Start of DATA SUPPLIED

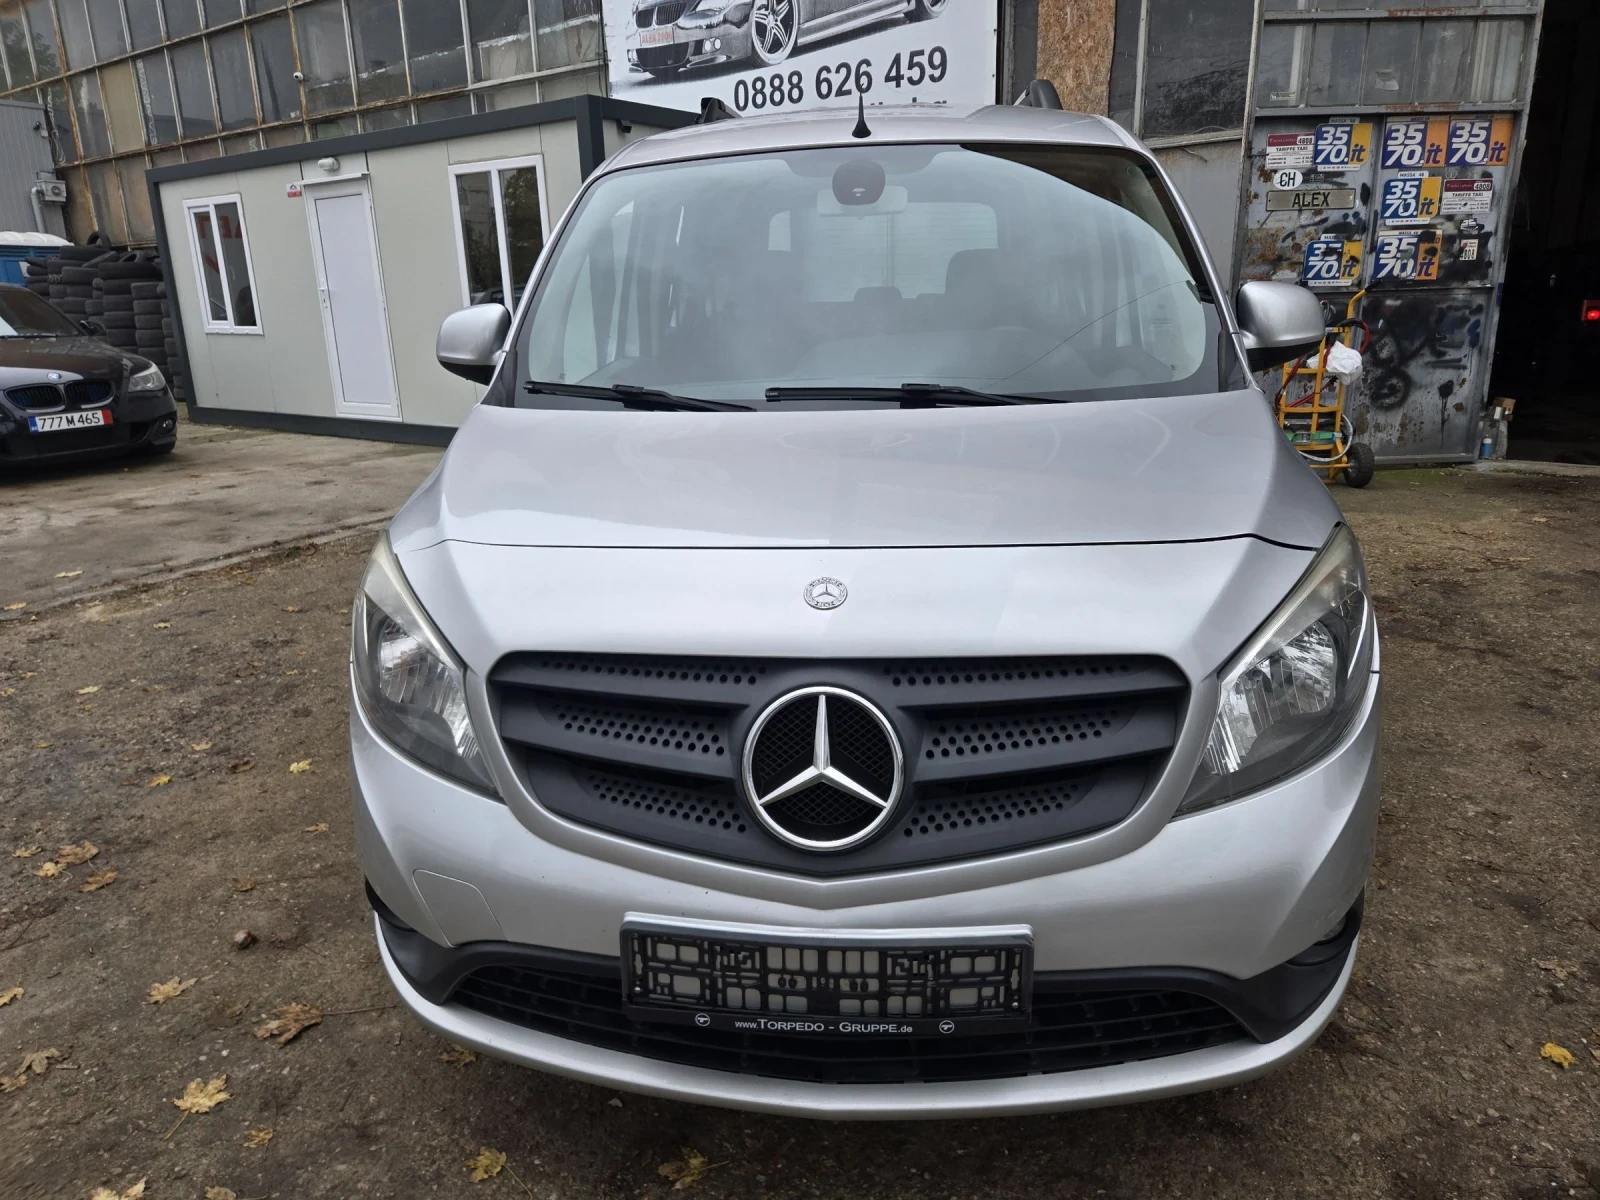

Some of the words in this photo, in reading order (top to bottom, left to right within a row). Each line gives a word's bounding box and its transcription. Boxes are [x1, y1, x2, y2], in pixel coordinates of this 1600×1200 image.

[734, 70, 804, 112] 0888
[815, 58, 873, 100] 626
[884, 45, 948, 89] 459
[1318, 126, 1351, 145] 35
[1387, 123, 1425, 145] 35
[1451, 121, 1490, 143] 35
[1280, 171, 1296, 187] CH
[1385, 180, 1420, 199] 35
[1292, 191, 1331, 208] ALEX
[1379, 237, 1418, 259] 35
[39, 416, 63, 430] 777
[65, 415, 76, 427] M
[77, 412, 101, 425] 465
[735, 1019, 825, 1032] www.TORPEDO
[839, 1021, 913, 1033] GRUPPE.de
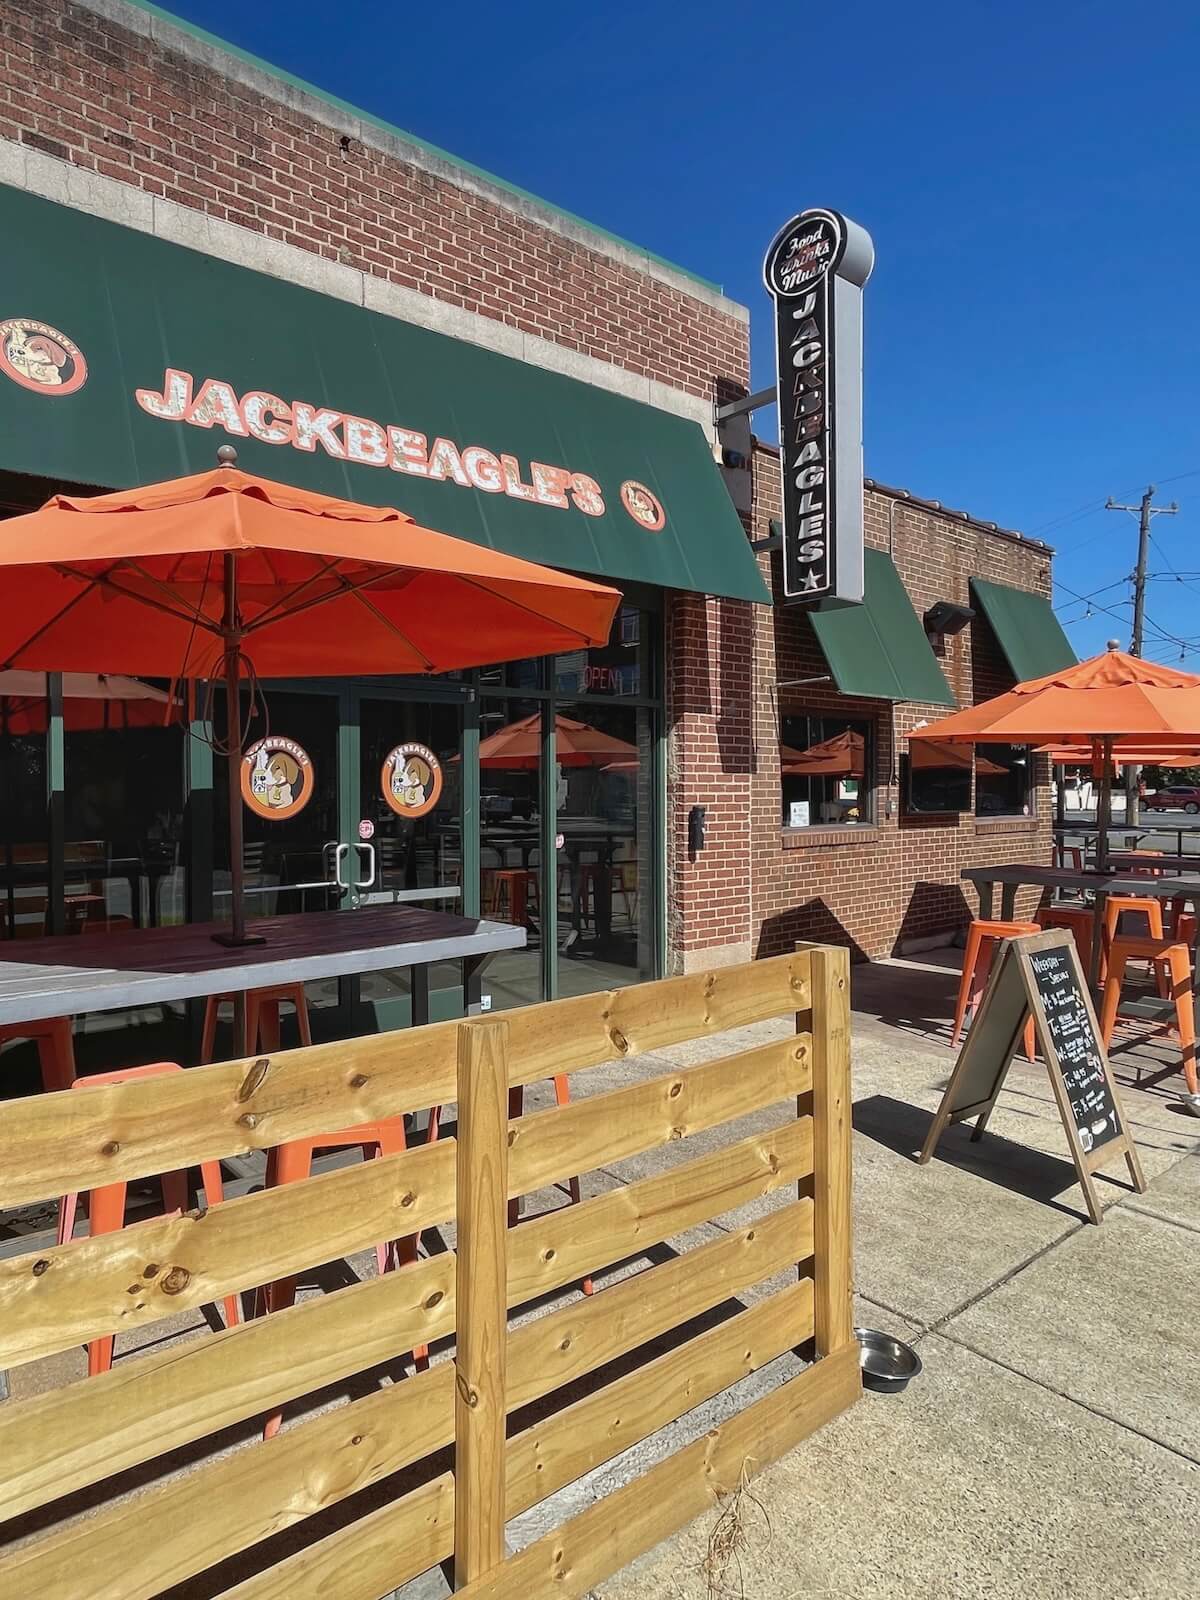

End of DATA SUPPLIED

• REQUIREMENT:
Write out the data word for word. Any picture is to be skipped.

• TASK OUTPUT:
Some of the words in this photo, in reading order (top to bottom, left to right within a row). Each line gives a word's bounding box and its transcription. Boxes are [x1, y1, x2, y2], in pixel coordinates of this 1600×1200 image.

[734, 70, 804, 112] 0888
[815, 58, 873, 100] 626
[884, 45, 948, 89] 459
[1318, 126, 1351, 145] 35
[1387, 123, 1425, 145] 35
[1451, 121, 1490, 143] 35
[1280, 171, 1296, 187] CH
[1385, 180, 1420, 199] 35
[1292, 191, 1331, 208] ALEX
[1379, 237, 1418, 259] 35
[39, 416, 63, 430] 777
[65, 415, 76, 427] M
[77, 412, 101, 425] 465
[735, 1019, 825, 1032] www.TORPEDO
[839, 1021, 913, 1033] GRUPPE.de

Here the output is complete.